• _Task to complete_
Please give back all the records exactly, but keep the pictures out.

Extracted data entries
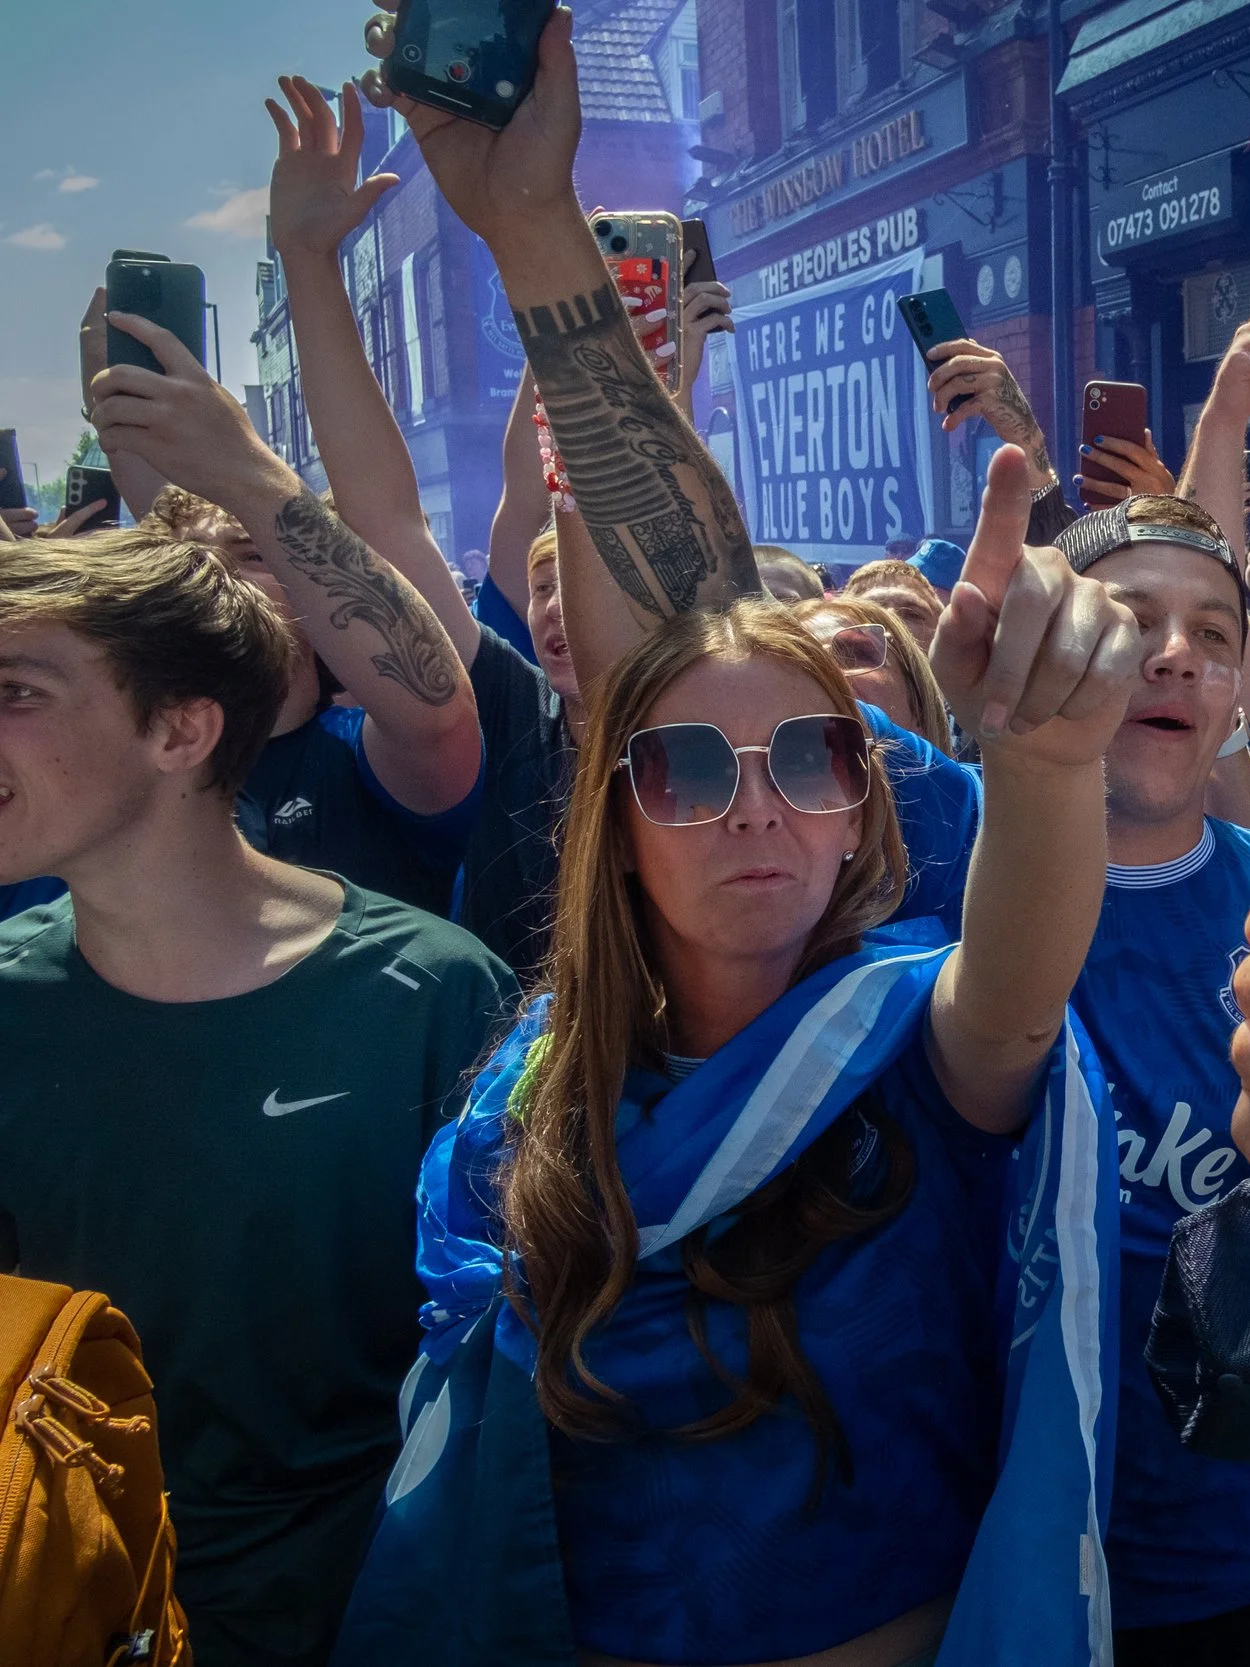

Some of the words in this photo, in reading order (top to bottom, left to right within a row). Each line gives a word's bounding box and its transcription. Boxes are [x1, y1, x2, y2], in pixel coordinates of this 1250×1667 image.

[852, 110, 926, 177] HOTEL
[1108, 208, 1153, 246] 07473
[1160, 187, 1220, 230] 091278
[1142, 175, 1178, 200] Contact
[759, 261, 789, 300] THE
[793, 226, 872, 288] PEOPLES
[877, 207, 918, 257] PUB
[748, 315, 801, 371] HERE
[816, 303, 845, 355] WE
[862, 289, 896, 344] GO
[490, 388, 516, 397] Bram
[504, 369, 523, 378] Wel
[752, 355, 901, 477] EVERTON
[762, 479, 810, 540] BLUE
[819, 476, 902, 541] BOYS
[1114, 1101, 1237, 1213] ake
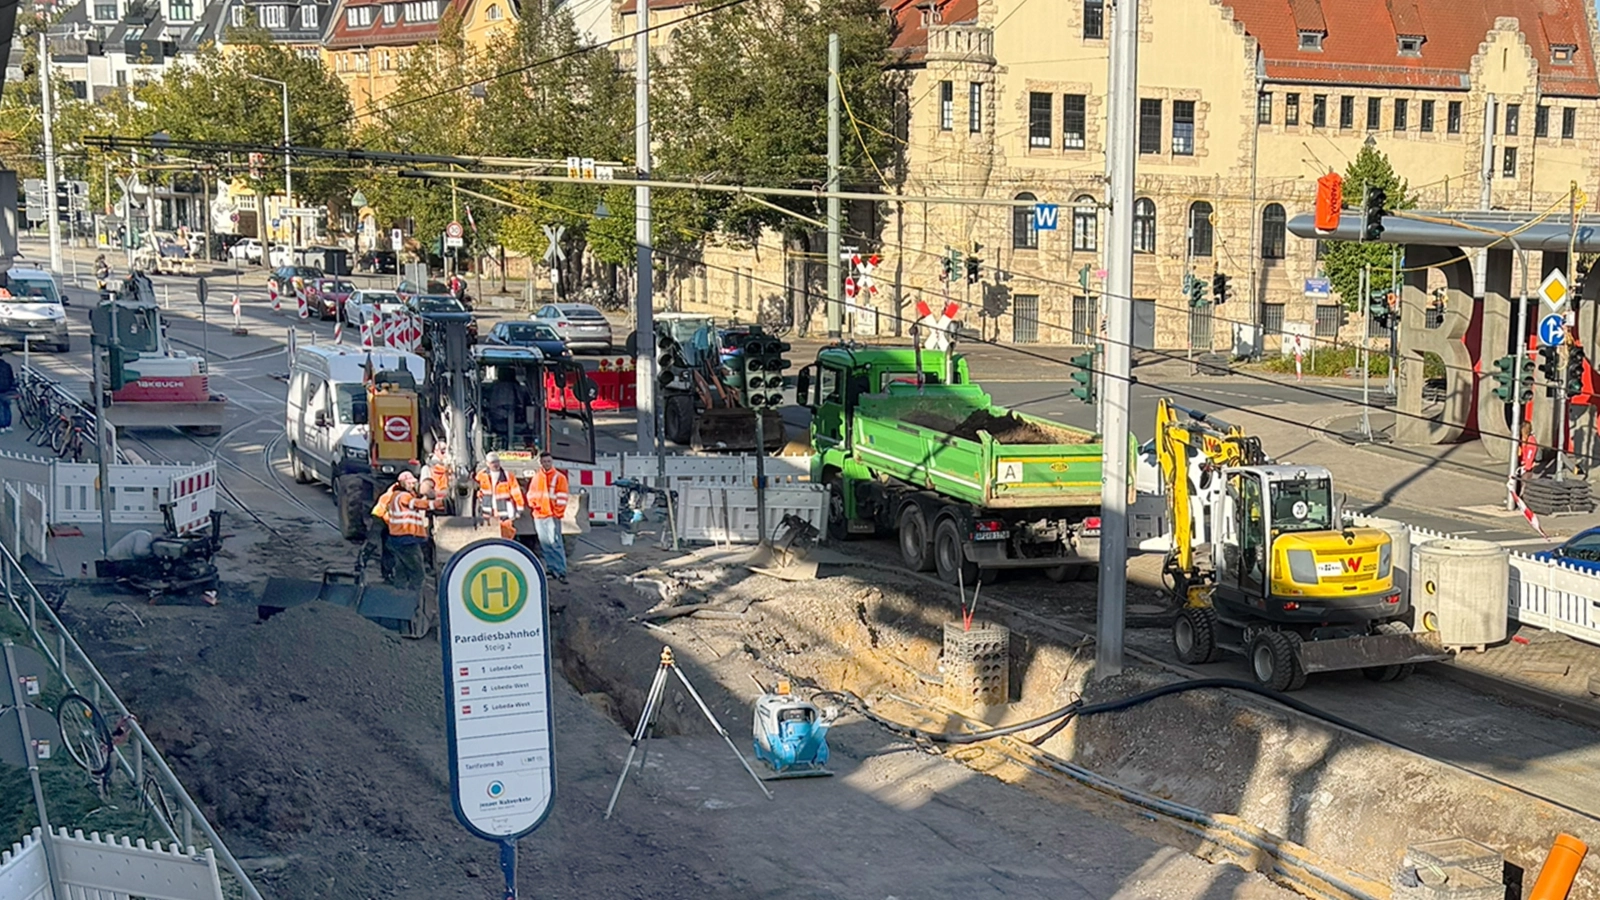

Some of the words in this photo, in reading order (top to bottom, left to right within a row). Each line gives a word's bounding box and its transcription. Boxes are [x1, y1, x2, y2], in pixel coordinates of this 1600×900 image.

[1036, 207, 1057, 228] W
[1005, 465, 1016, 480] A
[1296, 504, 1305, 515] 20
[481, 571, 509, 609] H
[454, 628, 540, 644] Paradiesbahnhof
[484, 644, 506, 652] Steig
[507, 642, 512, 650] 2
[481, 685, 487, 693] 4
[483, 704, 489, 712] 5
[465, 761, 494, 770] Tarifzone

• _Response area_
Some of the words in this photo, in reading order (top to bottom, left to right within a row). Each line gives a word's bounding box and its transcription. Boxes are [x1, y1, x2, y2], in pixel coordinates of this 1250×1667 image.

[852, 110, 926, 177] HOTEL
[1108, 208, 1153, 246] 07473
[1160, 187, 1220, 230] 091278
[1142, 175, 1178, 200] Contact
[759, 261, 789, 300] THE
[793, 226, 872, 288] PEOPLES
[877, 207, 918, 257] PUB
[748, 315, 801, 371] HERE
[816, 303, 845, 355] WE
[862, 289, 896, 344] GO
[490, 388, 516, 397] Bram
[504, 369, 523, 378] Wel
[752, 355, 901, 477] EVERTON
[762, 479, 810, 540] BLUE
[819, 476, 902, 541] BOYS
[1114, 1101, 1237, 1213] ake

Some of the words in this photo, in reading order (top to bottom, left to right within a row). Each line gives a word's bounding box and its transcription. Boxes are [x1, y1, x2, y2], in pixel coordinates of this 1600×900 image.

[1036, 207, 1057, 228] W
[1005, 465, 1016, 480] A
[1296, 504, 1305, 515] 20
[481, 571, 509, 609] H
[454, 628, 540, 644] Paradiesbahnhof
[484, 644, 506, 652] Steig
[507, 642, 512, 650] 2
[481, 685, 487, 693] 4
[483, 704, 489, 712] 5
[465, 761, 494, 770] Tarifzone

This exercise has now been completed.